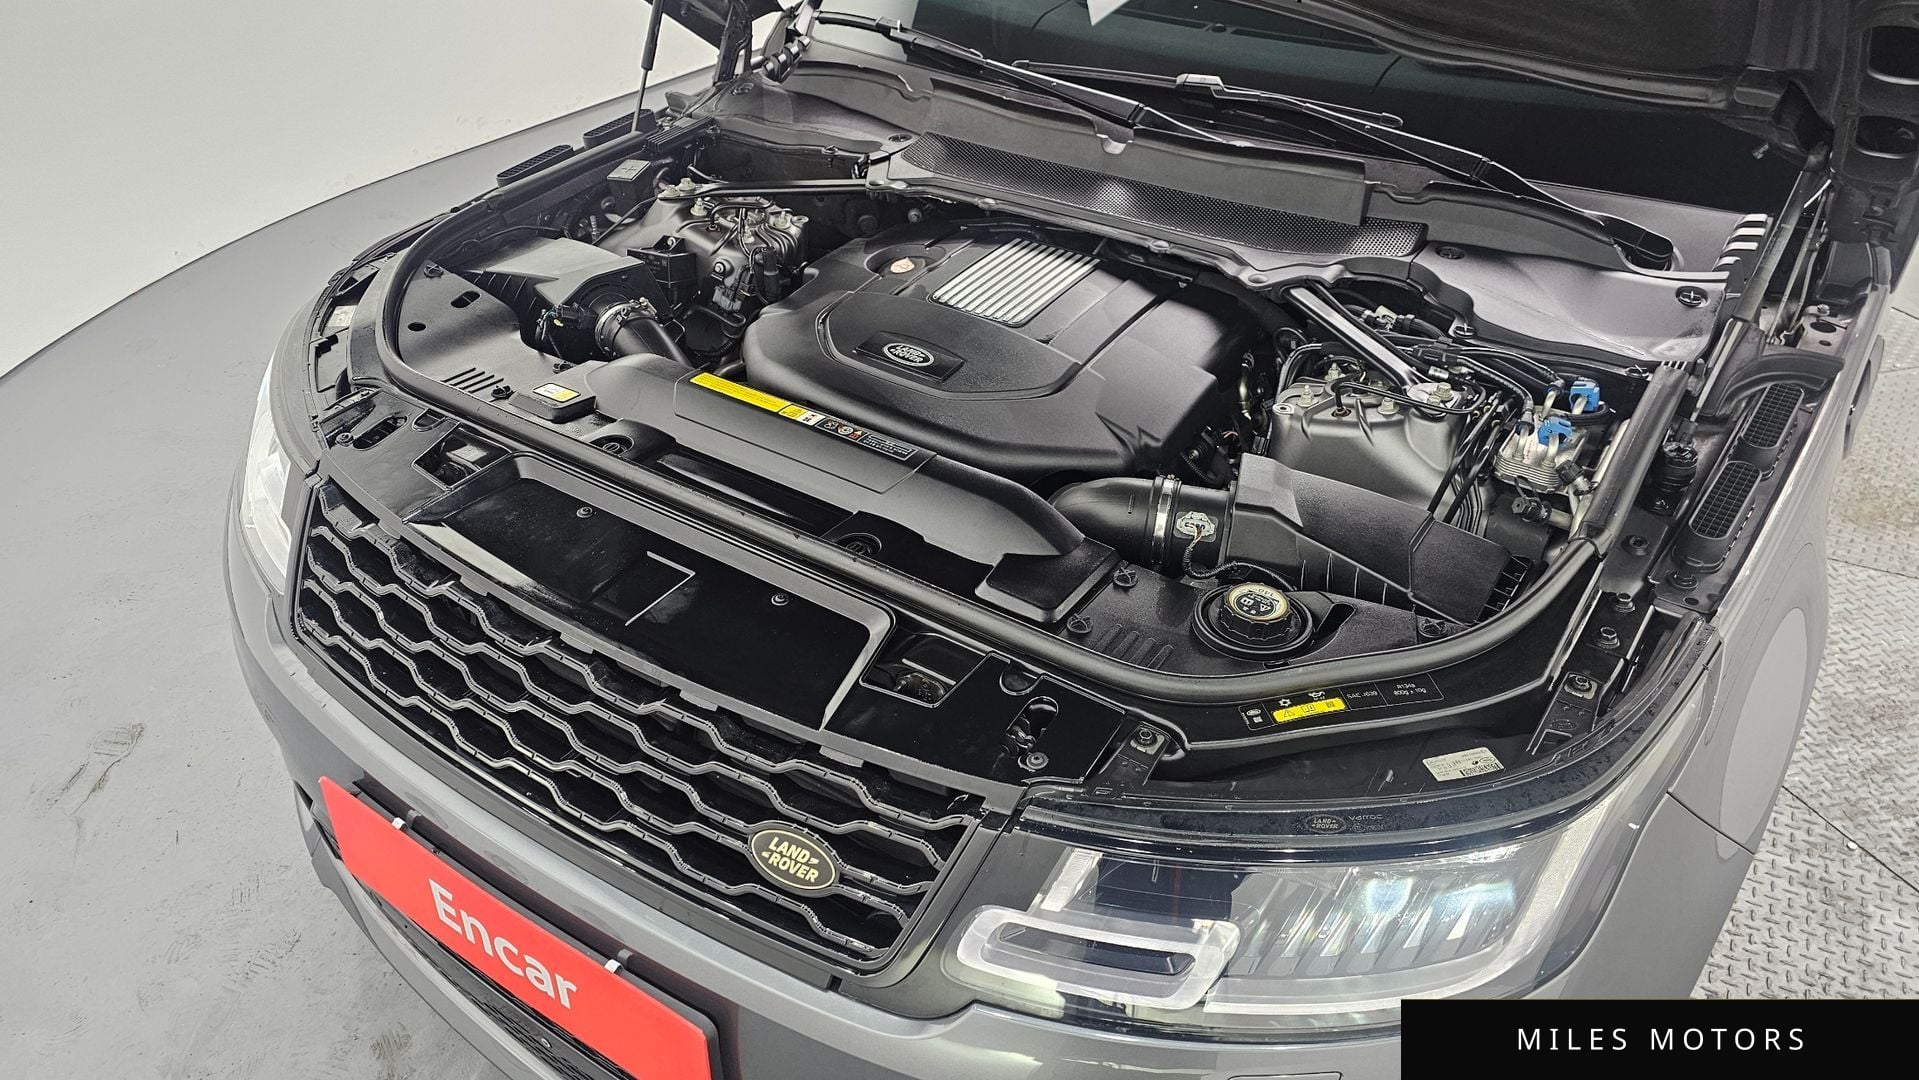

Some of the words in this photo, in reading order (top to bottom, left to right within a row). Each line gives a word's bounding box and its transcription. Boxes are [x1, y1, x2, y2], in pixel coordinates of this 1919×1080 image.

[893, 350, 923, 363] ROVER
[895, 345, 921, 356] LAND
[768, 836, 811, 864] LAND
[768, 851, 819, 883] ROVER
[428, 878, 577, 1010] Encar
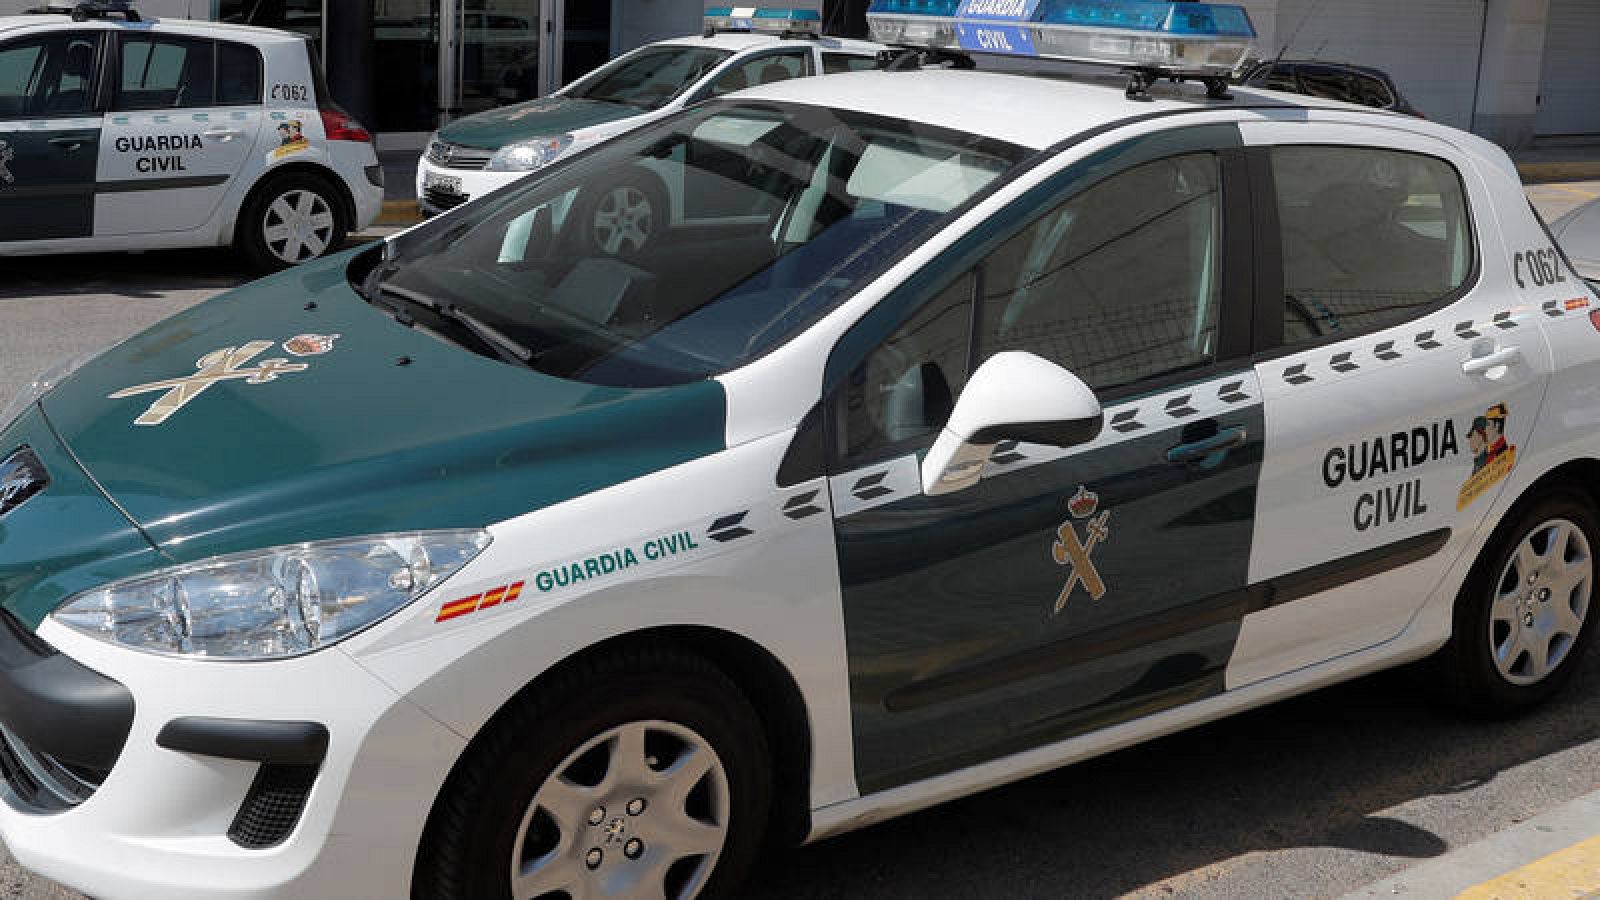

____________

◆ **Action item**
Exactly reproduce the entries above, minus the pictures.

◆ **Your solution**
Some of the words in this photo, in reading order (top to bottom, left to right within a row). Each line gives a word's bounding box and its transcription. Boxes are [x1, y1, x2, y2], in pixel coordinates of this 1919×1080 image.

[893, 350, 923, 363] ROVER
[895, 345, 921, 356] LAND
[768, 836, 811, 864] LAND
[768, 851, 819, 883] ROVER
[428, 878, 577, 1010] Encar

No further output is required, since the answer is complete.